Saturday, April 18, 2015

From CityLab: The Murky Law on Free-Range Kids

This hits some of the themes the story about vaccinations discussed previously this semester hit. How much latitude are we willing to give parents in how they raise their kids, especially if the general public believes the choices parents are making put their kids at risk. Being an area where states have the ability to make this decision, the rules vary across the nation.

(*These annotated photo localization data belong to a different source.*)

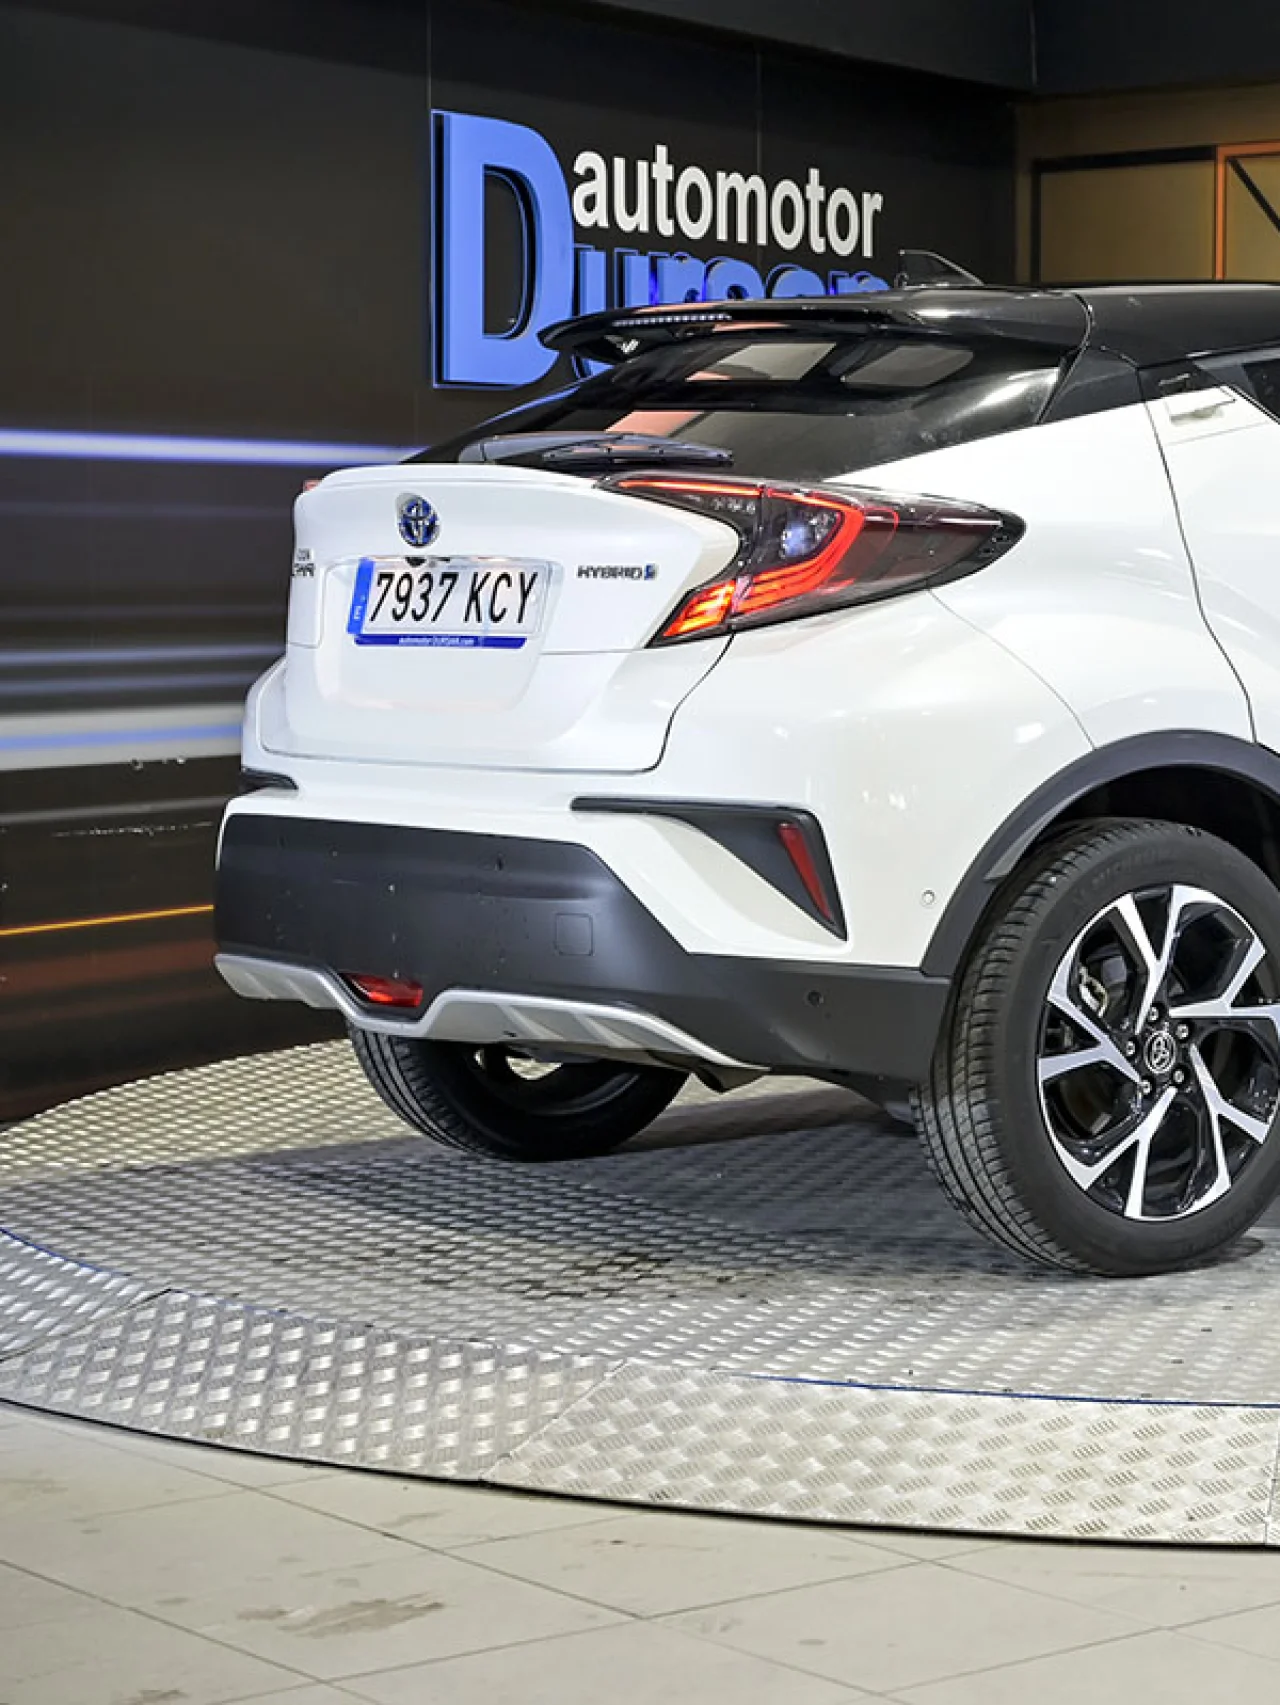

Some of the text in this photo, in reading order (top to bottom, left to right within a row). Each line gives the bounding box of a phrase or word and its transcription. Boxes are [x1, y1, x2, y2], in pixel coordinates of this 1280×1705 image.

[572, 144, 884, 258] automotor
[369, 571, 459, 622] 7937
[463, 571, 538, 624] KCY
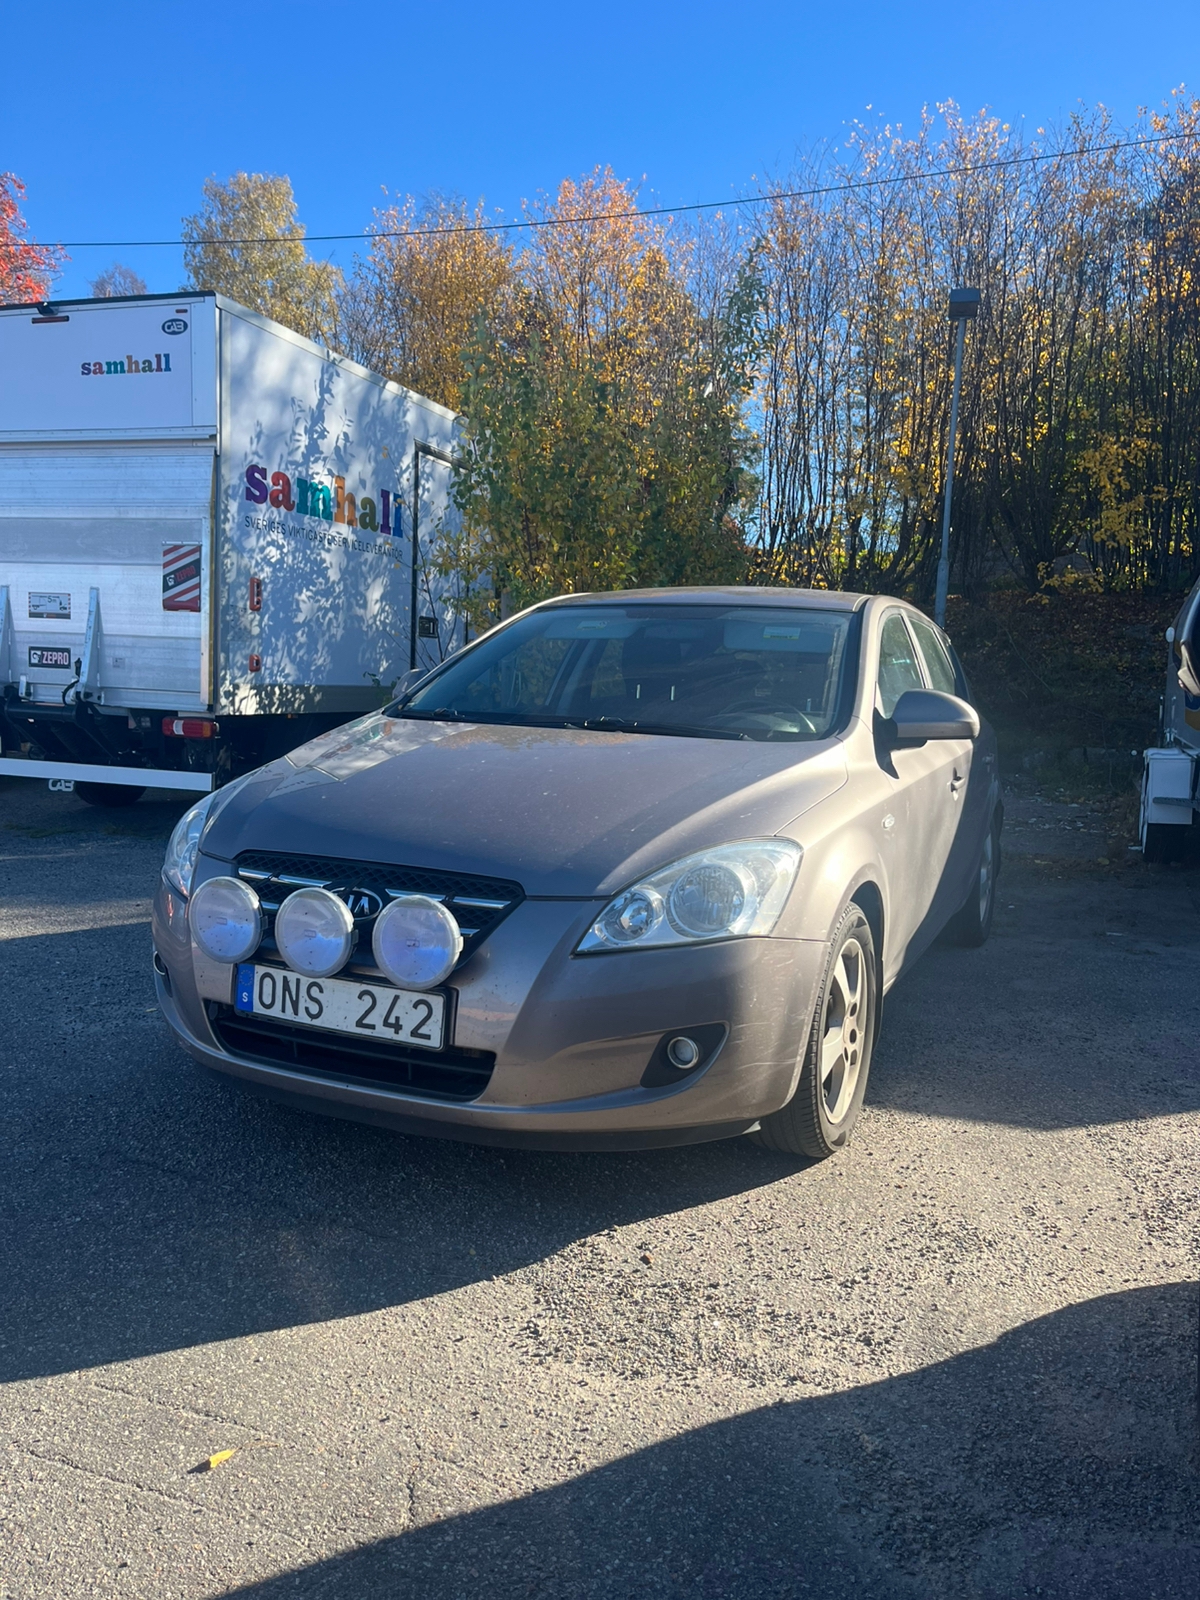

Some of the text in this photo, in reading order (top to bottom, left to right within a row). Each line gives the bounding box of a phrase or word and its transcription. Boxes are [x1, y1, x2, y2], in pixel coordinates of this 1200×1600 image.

[81, 353, 172, 376] samhall
[245, 464, 404, 538] samhall
[244, 515, 287, 535] SVERIGES
[42, 651, 69, 665] ZEPRO
[242, 992, 249, 1003] S
[258, 971, 433, 1041] ONS 242

- Click here for the story.

On April 12, it happened again: Rafi and Dvora Meitiv, the “free-range kids” of Silver Spring, Maryland, were picked up and detained by police. The siblings, aged 10 and six, were playing unsupervised in their neighborhood when a man walking his dog spotted them and called the authorities.
Back in December, Rafi and Dvora made national headlines when police picked them up as they walked home from a local park. The children’s parents, Danielle and Alexander Meitiv, subscribe to the philosophy of “free-range” parenting, which holds that children develop self-reliance by exploring their neighborhoods or riding public transportation on their own, if their parents judge them ready. (Disclosure: the Meitiv children attend the same school as my son, though I don’t know them or their parents.)
After the first incident, Montgomery County Child Protective Services investigated and found the senior Meitivs responsible for “unsubstantiated neglect.” Now an attorney for the couple says they will file a lawsuit over their family’s treatment. In fact, the law is not clear on free-range parenting in the state of Maryland, or anywhere else in the country: states and cities generally do not specify the youngest age at which a child can play or walk outside alone.
A few states have laws stipulating the minimum age when a child can be lefthome alone. In Illinois it is 14, in Maryland, eight, and in Oregon, 10. Maryland’s law further stipulates that a young child left in the care of a person under 13 is “unattended.” Many more states offer home-alone guidelines, which vary as widely as the laws do (age six in Kansas, age 12 in Mississippi).
In North Carolina, the state fire code prohibits leaving children younger than eight home alone. Rarely, a city will have its own ordinance establishing the home-alone age, as Albuquerque does (the age there is 10). In most cases, whether such home-alone rules extend to outdoor spaces is something lawyers could argue either way.